◆ Goal of the exercise:
Using the line that contains "this 1333×1500 image." as the start, restate each line word for word through the final line of the material below, and return only those.

::: Material supplied

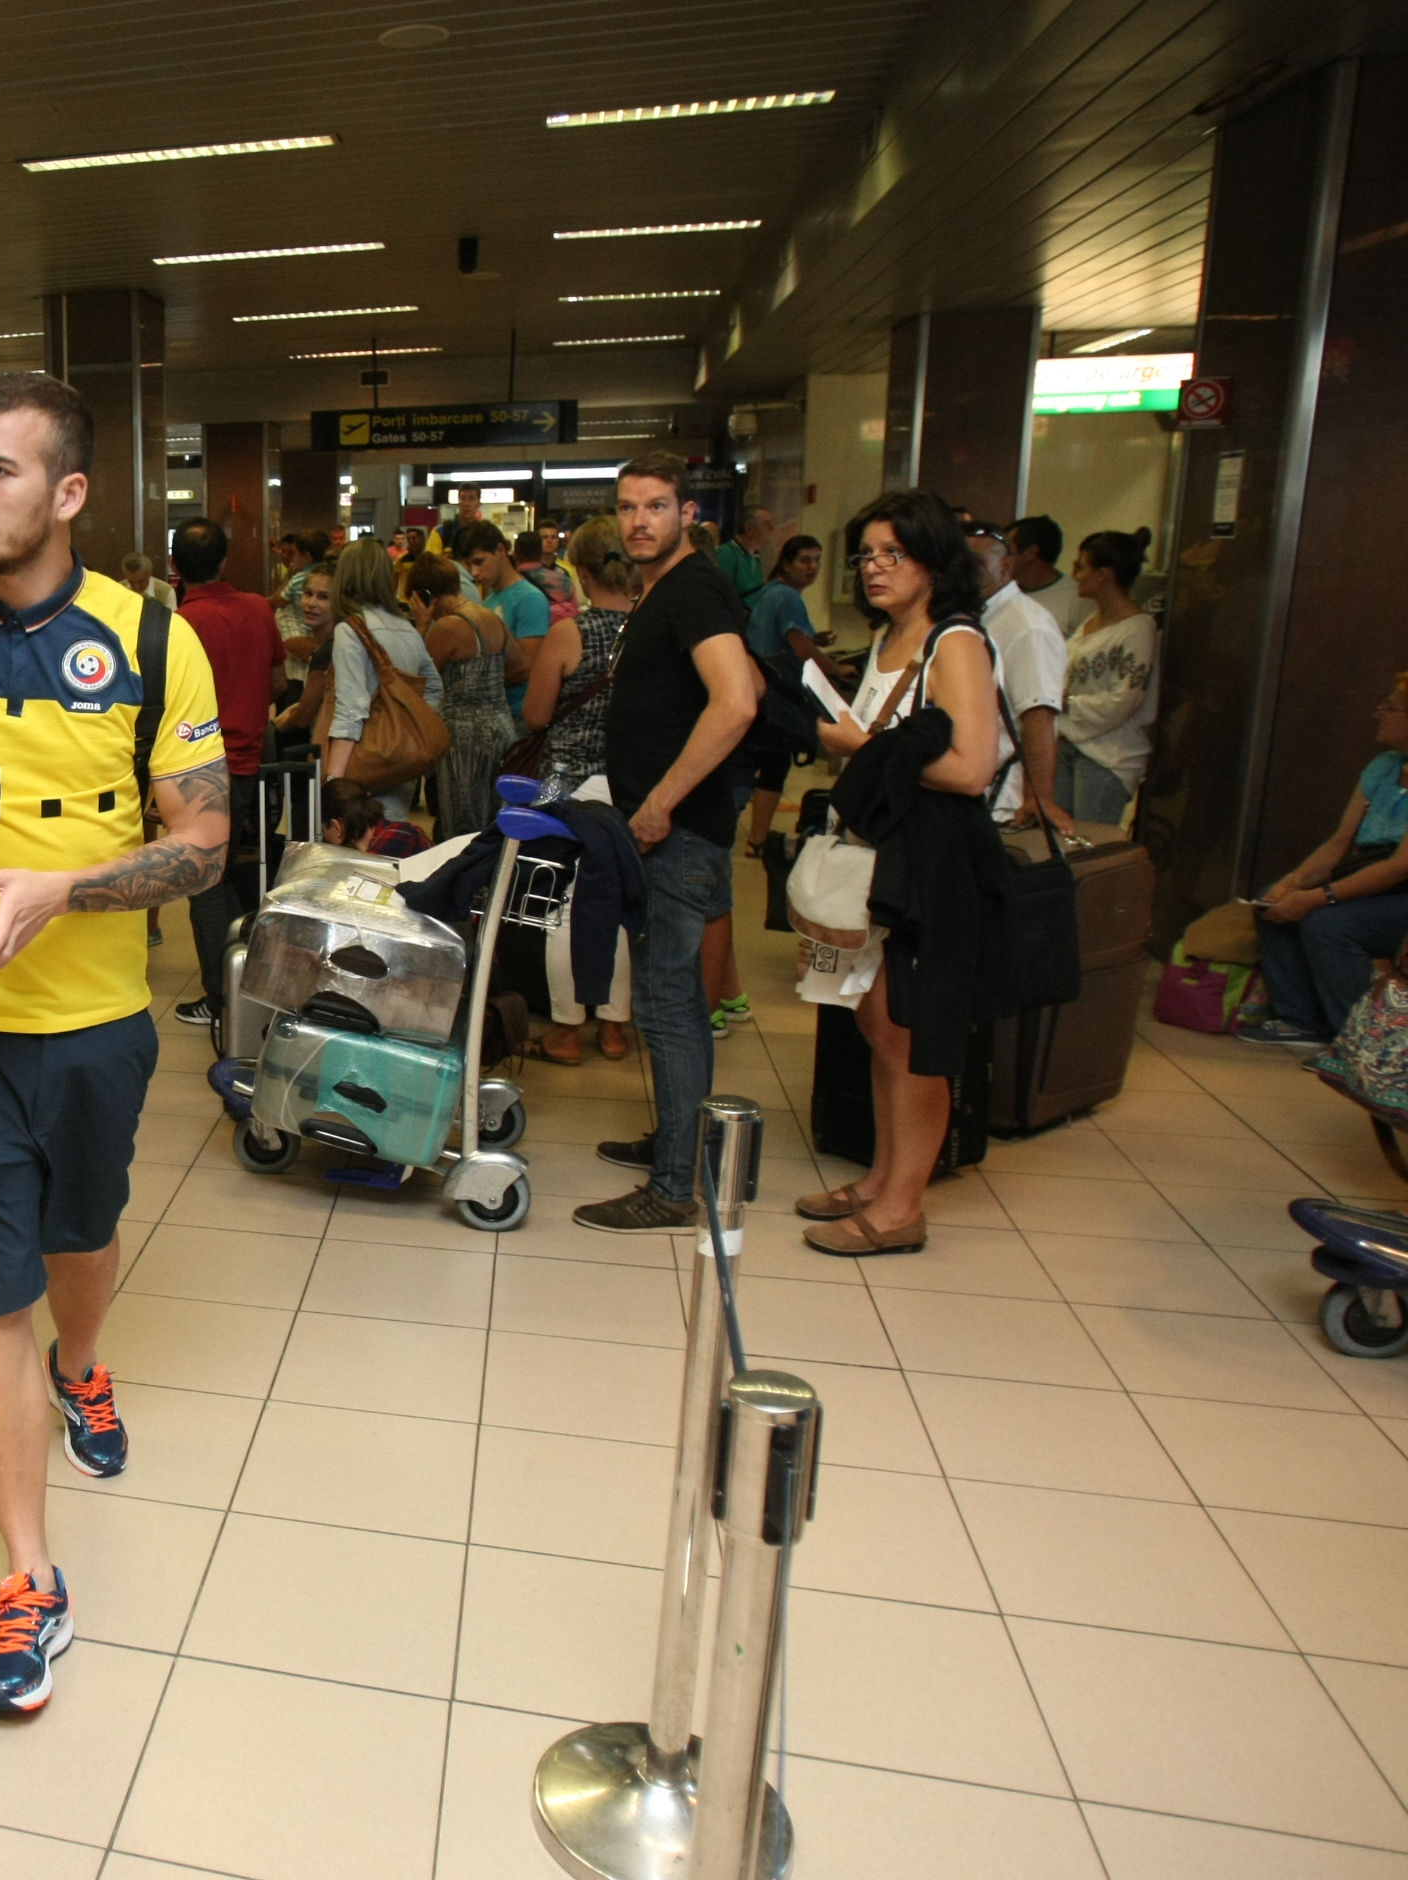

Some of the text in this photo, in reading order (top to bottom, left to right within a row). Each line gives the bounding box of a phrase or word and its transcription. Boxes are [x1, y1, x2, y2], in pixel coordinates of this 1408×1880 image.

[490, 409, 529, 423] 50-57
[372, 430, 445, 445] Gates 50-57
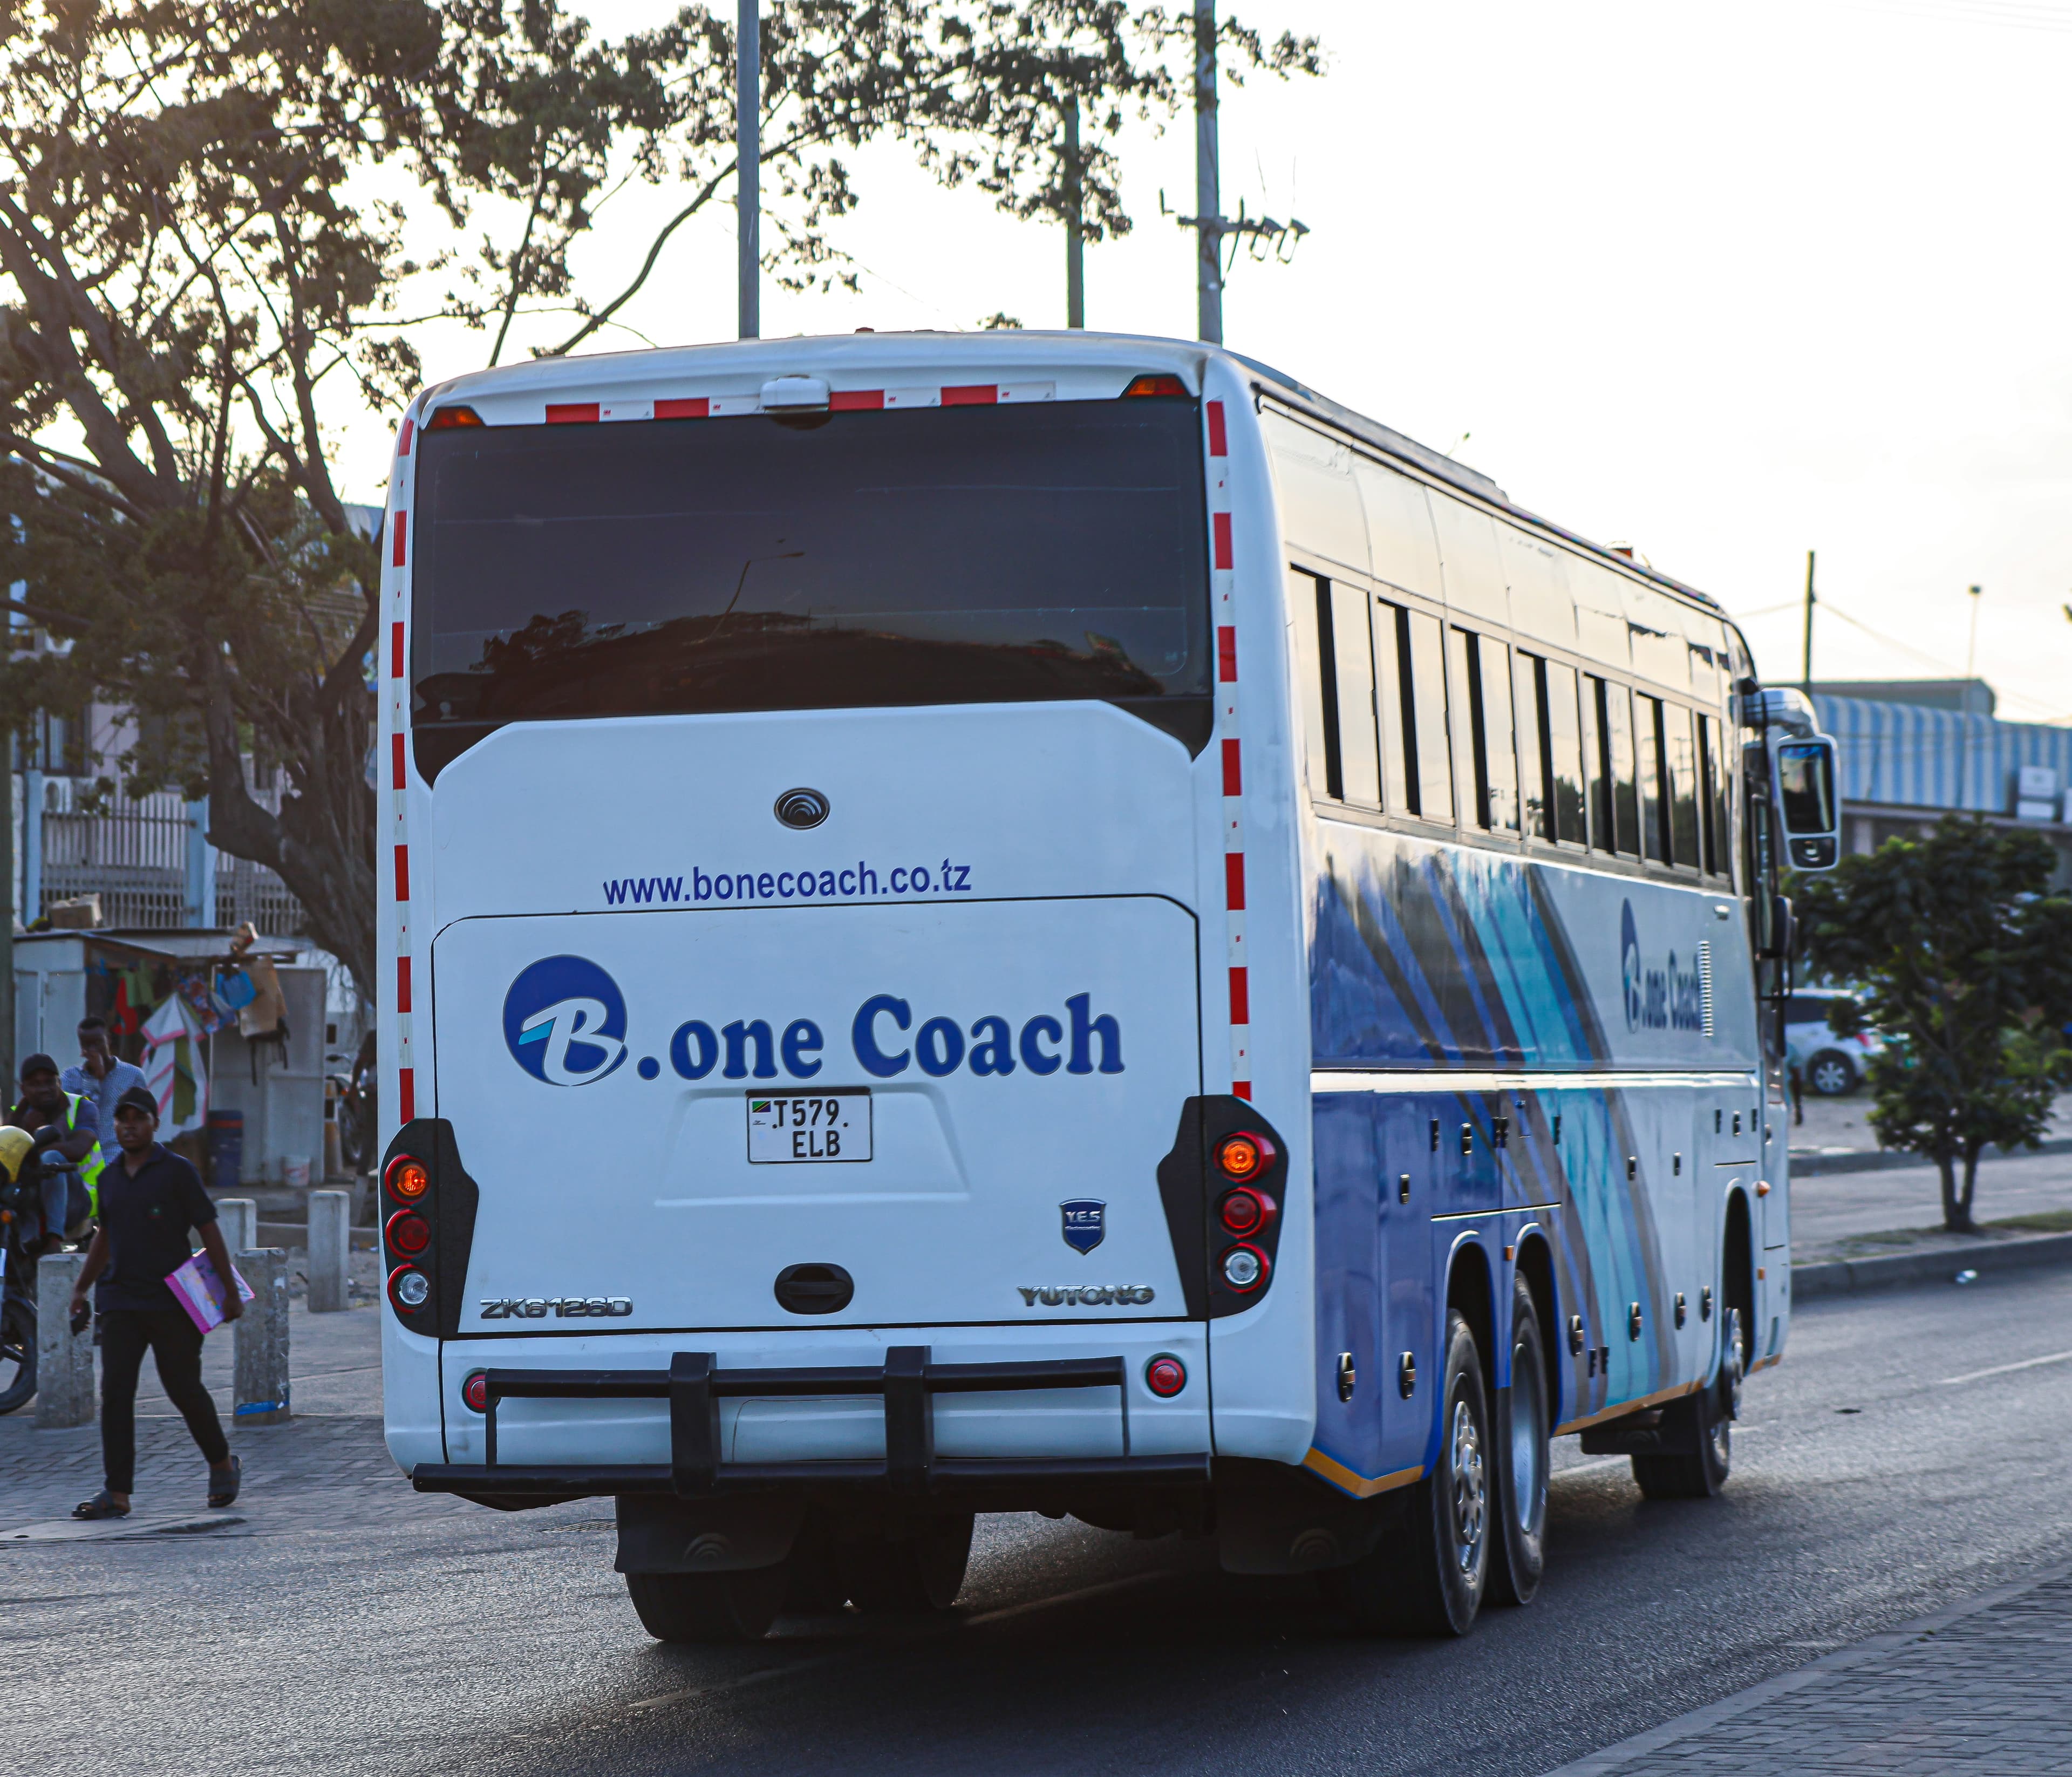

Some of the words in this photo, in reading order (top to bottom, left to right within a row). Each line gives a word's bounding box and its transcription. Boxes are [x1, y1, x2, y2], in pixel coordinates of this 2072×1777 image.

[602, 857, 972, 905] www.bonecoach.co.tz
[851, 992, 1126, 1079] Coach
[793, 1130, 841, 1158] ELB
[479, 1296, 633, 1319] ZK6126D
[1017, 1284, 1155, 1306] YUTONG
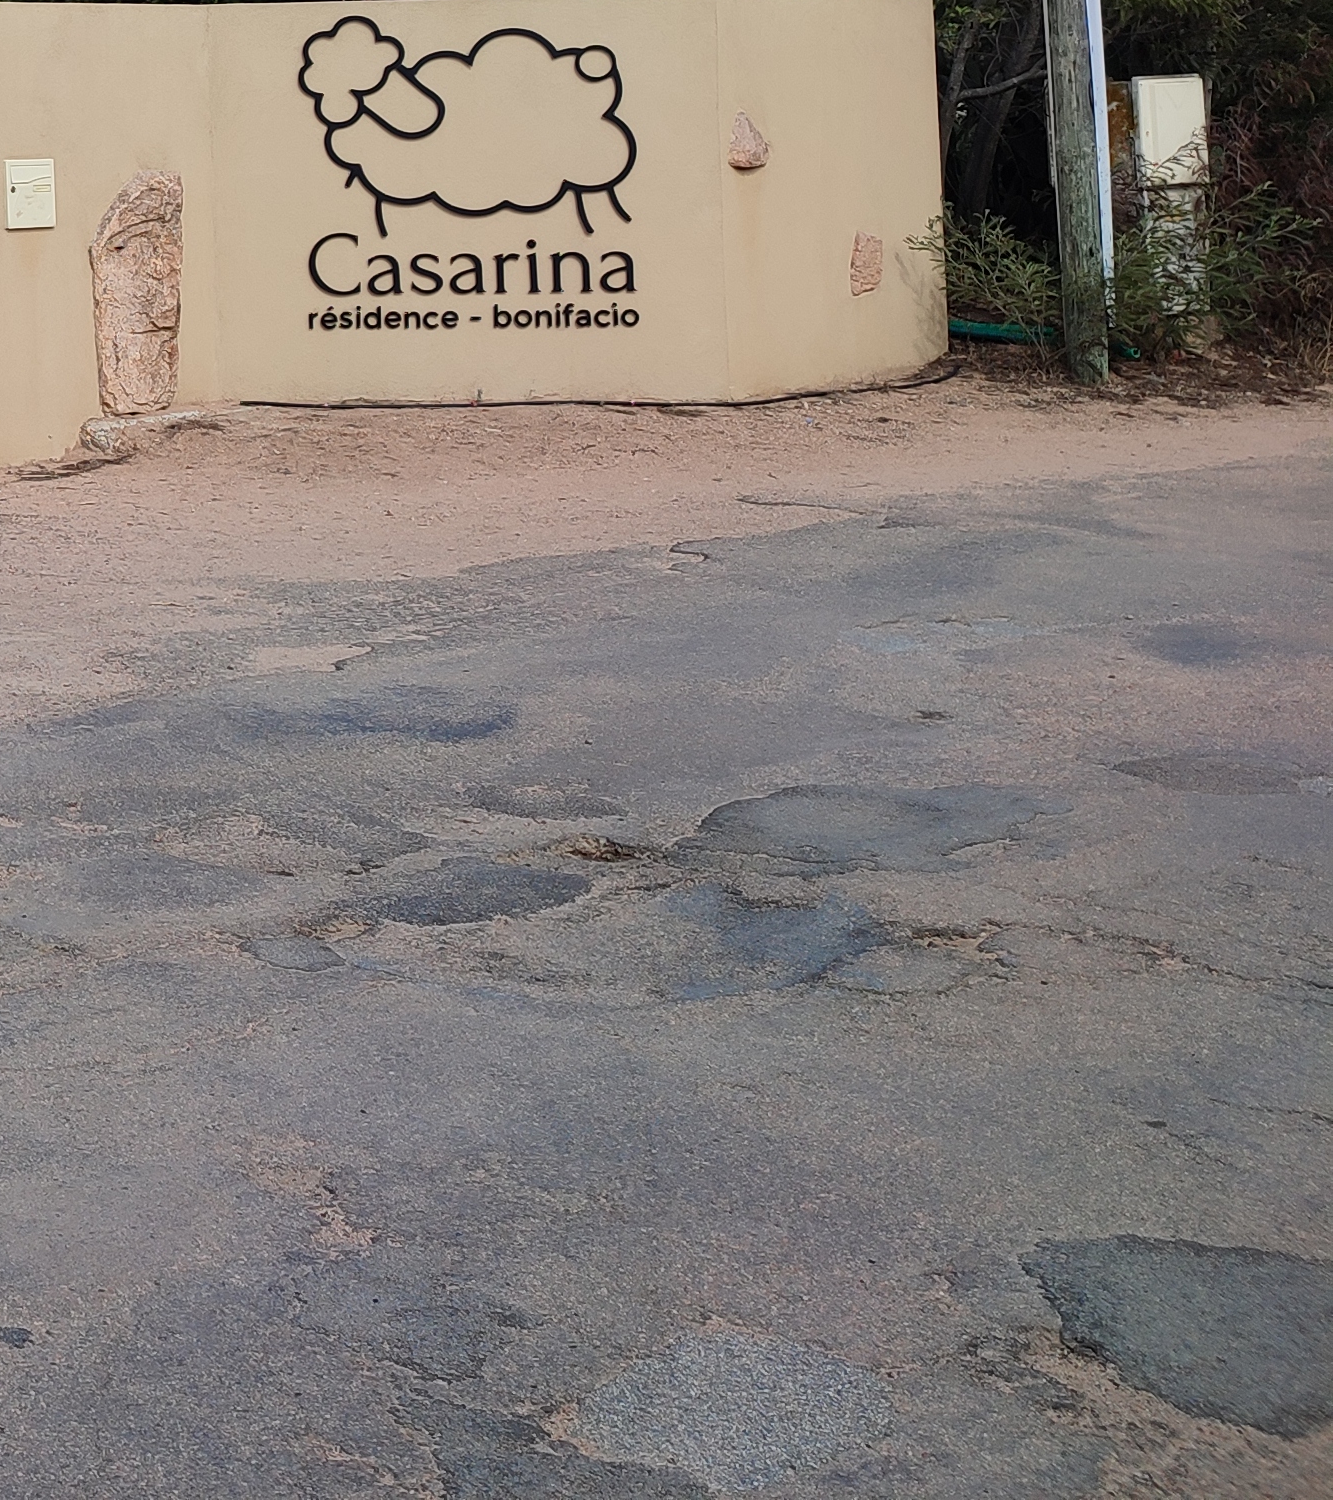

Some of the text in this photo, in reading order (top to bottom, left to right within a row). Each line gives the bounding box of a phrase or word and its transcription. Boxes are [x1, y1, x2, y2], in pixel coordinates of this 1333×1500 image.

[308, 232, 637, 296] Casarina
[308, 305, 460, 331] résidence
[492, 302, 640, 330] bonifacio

::::::

◆ Answer to this task:
Some of the text in this photo, in reading order (top to bottom, left to right within a row). Each line gives the bounding box of a phrase or word and its transcription. Boxes are [x1, y1, x2, y2], in pixel coordinates of this 1333×1500 image.

[308, 232, 637, 296] Casarina
[308, 305, 460, 331] résidence
[492, 302, 640, 330] bonifacio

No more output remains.